### Data extract
- Opening Delimiter -

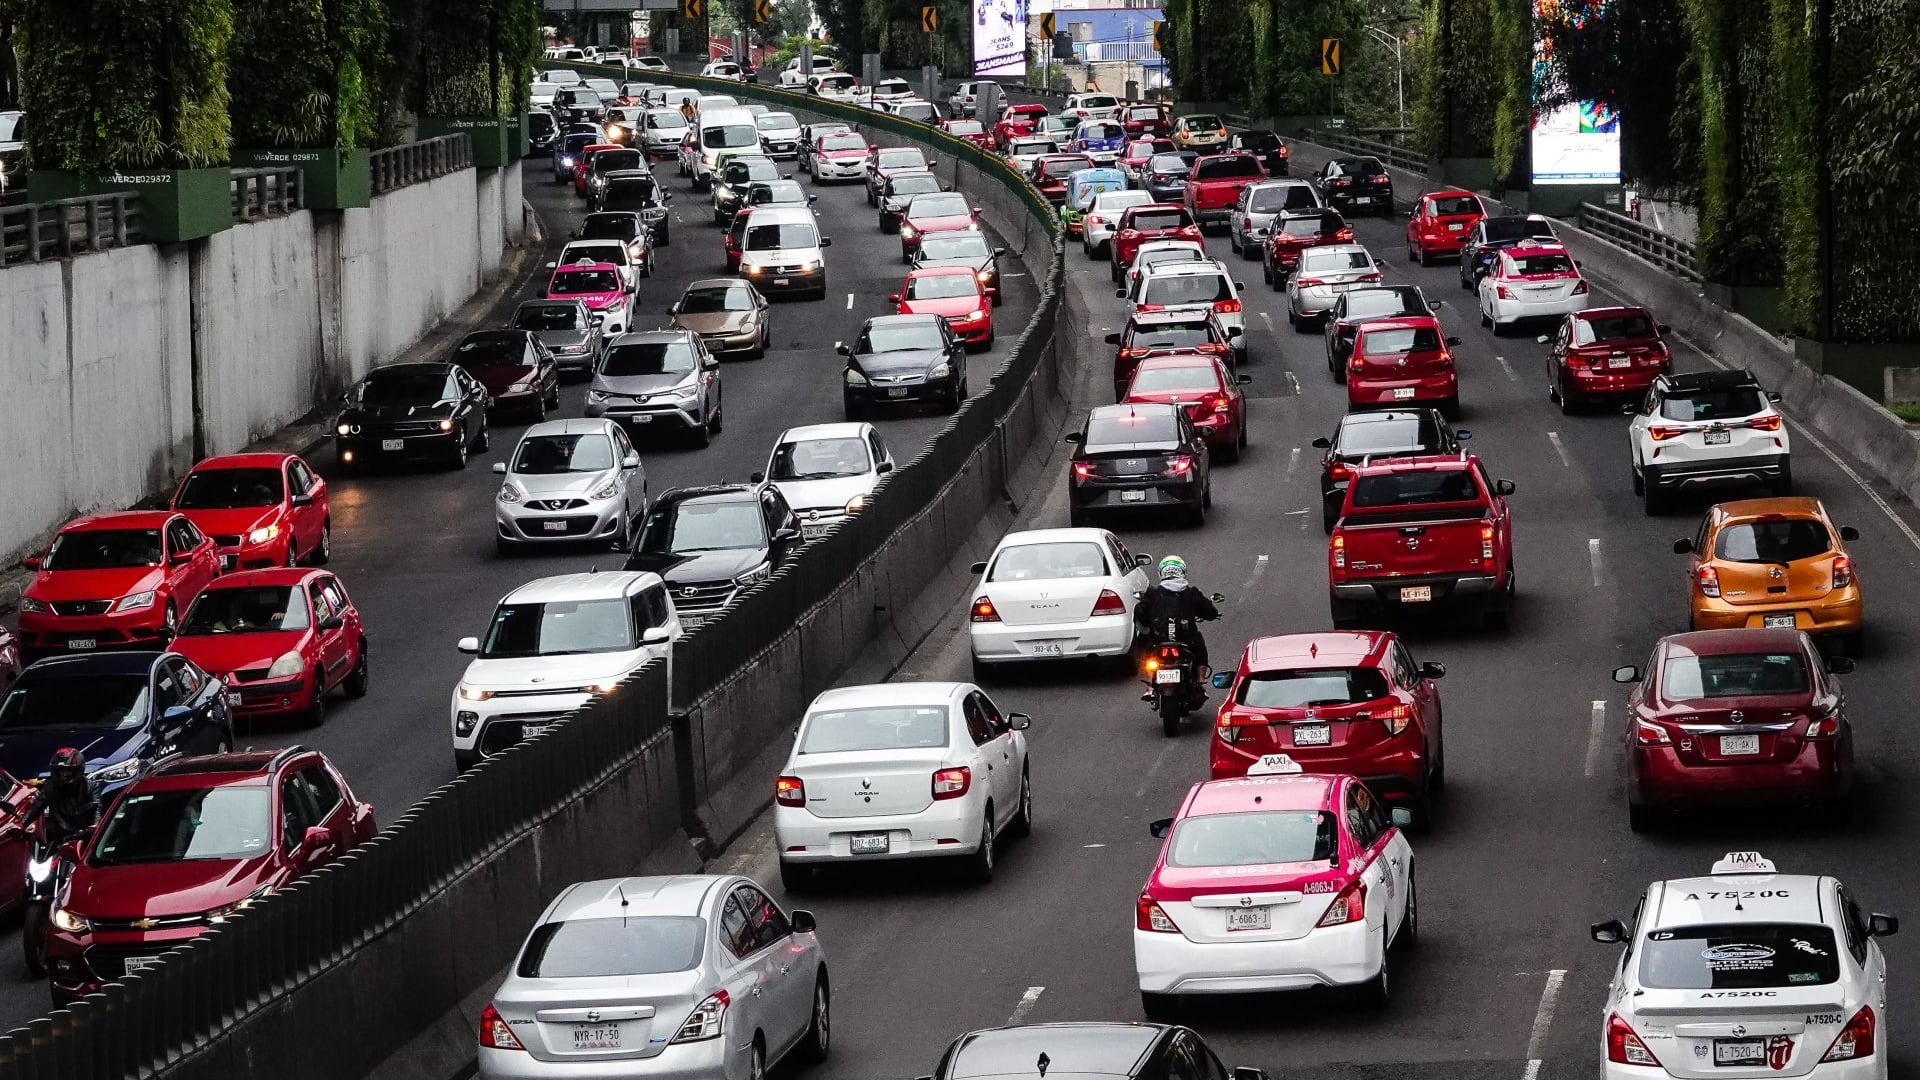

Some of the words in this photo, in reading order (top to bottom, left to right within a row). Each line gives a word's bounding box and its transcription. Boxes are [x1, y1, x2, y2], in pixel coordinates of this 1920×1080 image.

[253, 153, 290, 162] VIAVERDE
[293, 153, 320, 161] 029871
[1263, 756, 1286, 766] TAXI
[1729, 853, 1757, 864] TAXI
[1303, 881, 1334, 894] A-6063-J
[1229, 914, 1268, 924] A-6063-J
[1700, 991, 1777, 999] A7520C
[1805, 1014, 1842, 1025] A-7520-C
[574, 1029, 619, 1042] NYR-17-50
[1718, 1046, 1762, 1059] A-7520-C

- Closing Delimiter -

### Task to complete
Set down every entry exactly as it appears, but skip the pictures.

### Problem solution
Some of the words in this photo, in reading order (top to bottom, left to right within a row). Each line gives a word's bounding box and its transcription. Boxes are [x1, y1, x2, y2], in pixel coordinates of this 1920×1080 image.

[253, 153, 290, 162] VIAVERDE
[293, 153, 320, 161] 029871
[1263, 756, 1286, 766] TAXI
[1729, 853, 1757, 864] TAXI
[1303, 881, 1334, 894] A-6063-J
[1229, 914, 1268, 924] A-6063-J
[1700, 991, 1777, 999] A7520C
[1805, 1014, 1842, 1025] A-7520-C
[574, 1029, 619, 1042] NYR-17-50
[1718, 1046, 1762, 1059] A-7520-C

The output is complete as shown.